Esta pareja tiene un preescolar y un orfanato, por lo que pudimos pasar mucho tiempo con los niños. Tuve la oportunidad de amar y abrazar niños con los que apenas podía hablar, ya que el francés no es su primer idioma, hablan Moré. Escuchar la risa de los niños es una de mis cosas favoritas y recibir sus abrazos derritió mi corazón.
Descubrí la compasión y amor de Dios por los niños y el tesoro que hay en ellos, eso que Jesús sabía cuando dijo: "De cierto os digo que el que no reciba el reino de Dios como un niño, no entrará en él."
Tuvimos la oportunidad de ir a una pequeña aldea, a cuatro horas de camino entre arbustos y árboles, pasamos ahí un día y medio y después nos fuimos a otra aldea. Pasaron cosas increíbles.
En estas aldeas vimos cosas que nunca esperamos. Llevamos una lista de cosas que podíamos hacer, como cantar (más a su estilo que al nuestro), presentar algún drama, dar un testimonio y/o una enseñanza bíblica, un programa para niños que incluía nuestro repertorio de sketches sobre personajes bíblicos… En fin, planeamos muchas cosas, muchas de ellas las pudimos hacer desde la primera noche, y Dios planeó muchas más.
Sin perder tiempo, instalamos todo, metimos nuestras mochilas y sleepings a la iglesia donde dormimos y empezamos con el programa… Mucha gente se acercó y aceptó a Jesús en su corazón. Nosotros llenos de polvo y con mucho sueño oramos por cada uno
– Así que de esto se trata morir a mí, para que seas Tú—
El segundo día, una parte del equipo se dedicó al programa para niños, mientras que el otro (yo en ese otro), iba a repartir redes para mosquitos… Desde Lausanne nos mandaron con 50 redes para mosquitos, algo tan simple pero que tanto ayuda a combatir la malaria.

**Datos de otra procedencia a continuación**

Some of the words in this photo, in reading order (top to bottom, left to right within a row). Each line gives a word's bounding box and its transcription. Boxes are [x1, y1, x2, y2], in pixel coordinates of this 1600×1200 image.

Así que a cumplir con el deber y… Conocimos a Simón, el jefe de la primera familia que visitamos para darles algunas redes, el único de esa familia que seguía siendo musulmán, y estaba ciego. Uno de nosotros le preguntó si creía que Jesús podía sanarlo, Él dijo: “Que estén aquí haciendo esto, es suficiente para que crea que Él puede”, los cuatro oramos por Él, dos, tres veces… De pronto, empezó a fijar la vista, todos supimos que Dios quería sanarlo, mi amiga puso sus dedos frente a él y los pudo mirar… Seguimos orando… Levantó la vista y con una sonrisa que jamás voy a olvidar, pudo ver el cielo, el sol, nos miró a los ojos y RECIBIÓ A JESÚS EN SU CORAZÓN, ese es el milagro más grande para Simón, porque Jesús en su corazón quiere decir que de verdad ya no es ciego, no hay nada que lo separe de Dios J.
Después de ahí, fuimos a visitar a otra familia, el hombre también recibió a Jesús, porque Él respondió a las oraciones de su familia, de verdad necesitaban esas redes.

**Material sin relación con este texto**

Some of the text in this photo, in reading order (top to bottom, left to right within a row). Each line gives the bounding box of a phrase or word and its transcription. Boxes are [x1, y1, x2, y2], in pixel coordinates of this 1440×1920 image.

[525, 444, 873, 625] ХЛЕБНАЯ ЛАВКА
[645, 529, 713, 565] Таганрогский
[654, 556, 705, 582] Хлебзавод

Regresamos con los demás del equipo. Se esparció la noticia de lo que le había pasado a Simón, de repente nos encontramos rodeados de gente que nos pedía oración por sus enfermos. Supimos que Dios estaba permitiendo que esa multitud tuviera oportunidad de conocerlo de alguna manera. Oramos por muchos, no sé cuántos, oramos un largo rato, supimos que Dios estaba manifestando su poder ahí, para ser conocido.

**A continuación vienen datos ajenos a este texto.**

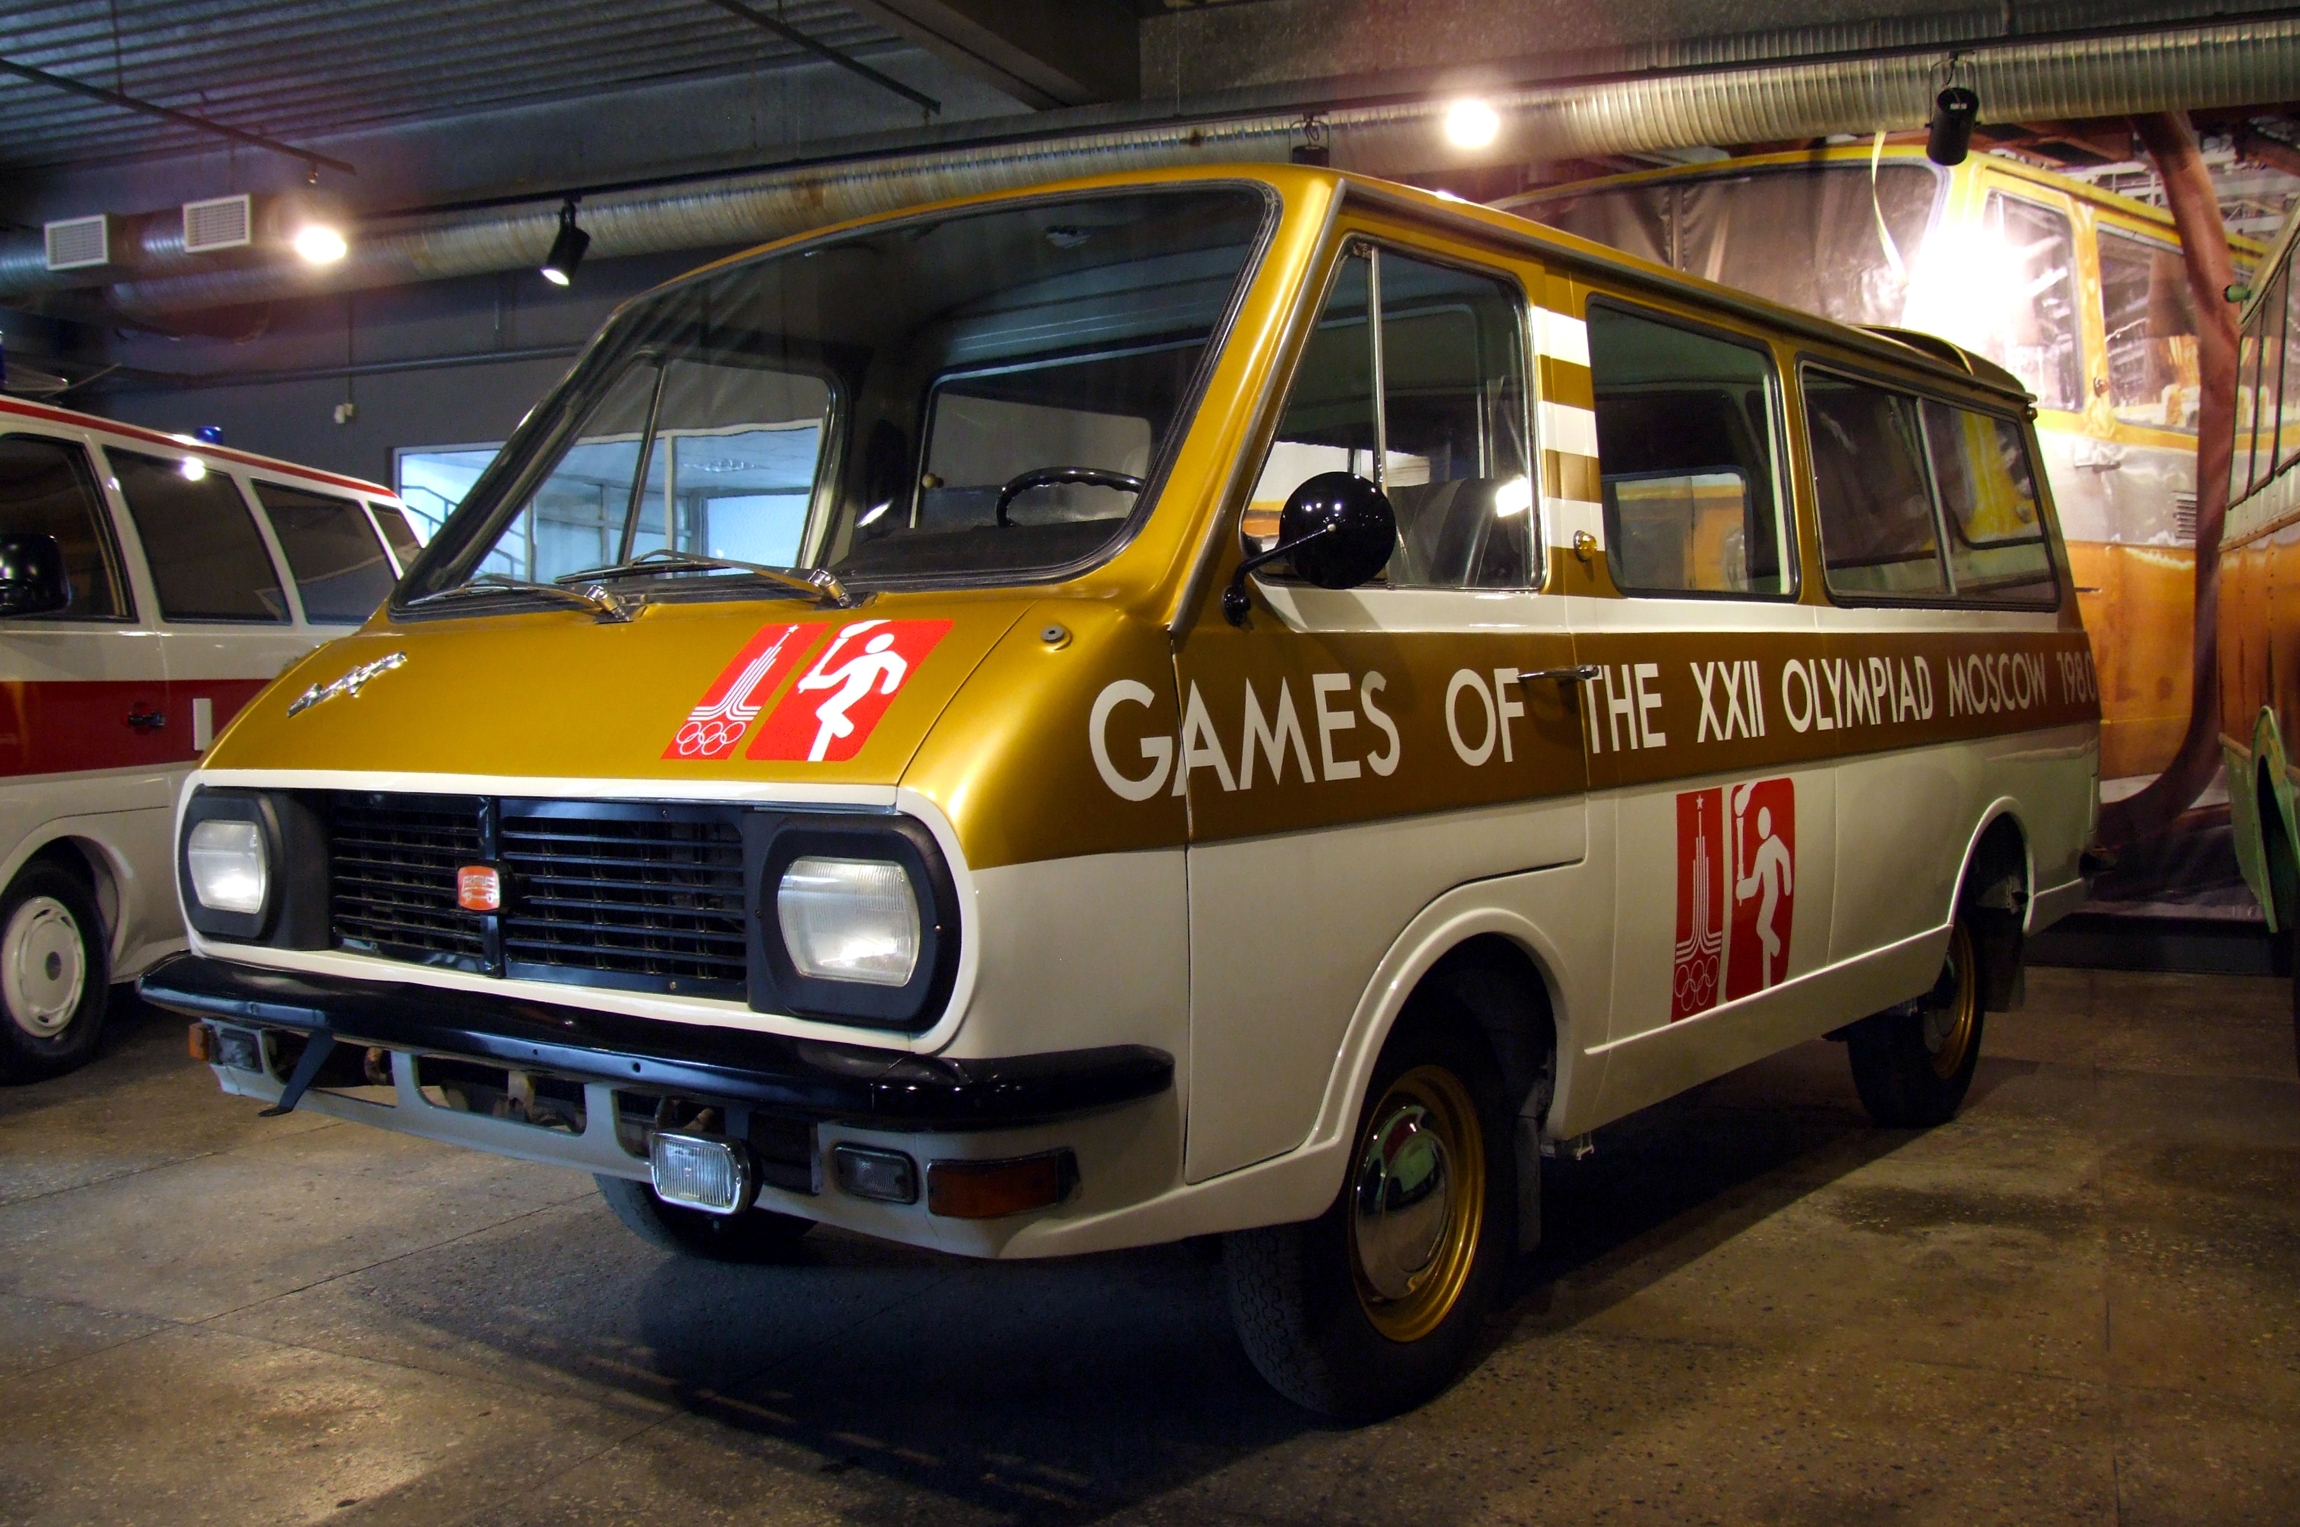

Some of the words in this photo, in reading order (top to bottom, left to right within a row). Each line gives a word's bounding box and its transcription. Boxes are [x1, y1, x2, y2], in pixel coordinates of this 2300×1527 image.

[1089, 671, 1400, 801] GAMES
[1445, 668, 1524, 766] OF
[1586, 663, 1667, 754] THE
[1690, 660, 1765, 743] XXII
[1782, 656, 1933, 733] OLYMPIAD
[1947, 652, 2047, 717] MOSCOW
[2056, 651, 2096, 704] 1980

En la segunda aldea, hicimos muchas cosas con los niños y al final, hicimos un programa como la noche anterior, la respuesta fue parecida, pero esta vez hubo muchos niños que se acercaron también. Una del equipo explicó todo el mensaje de salvación empezando desde Génesis, lo entendieron, lo aceptaron.
Al día siguiente, muy temprano, los niños llegaron para jugar, nos iríamos en unas horas, pero ¿por qué no jugar por última vez?
A pesar de todos los “pesares”, mi corazón sigue brincando cuando recuerdo todo lo que Dios hizo ahí, en medio del desierto africano, a la mitad de sólo Dios sabe donde, con gente que tal vez nunca vuelva a ver… ¡Que cada tribu, lengua, pueblo y nación conozca que TU eres Dios! Y que me permitas vivirlo ¡qué privilegio!
¡Ah sí! 2011 terminó esta semana, y yo ni lo sentí, parece que la gente aquí no lo celebra igual, nosotros sólo cenamos pollo con papas, todo un lujo... Si así ha sido este año ¿cómo será el siguiente?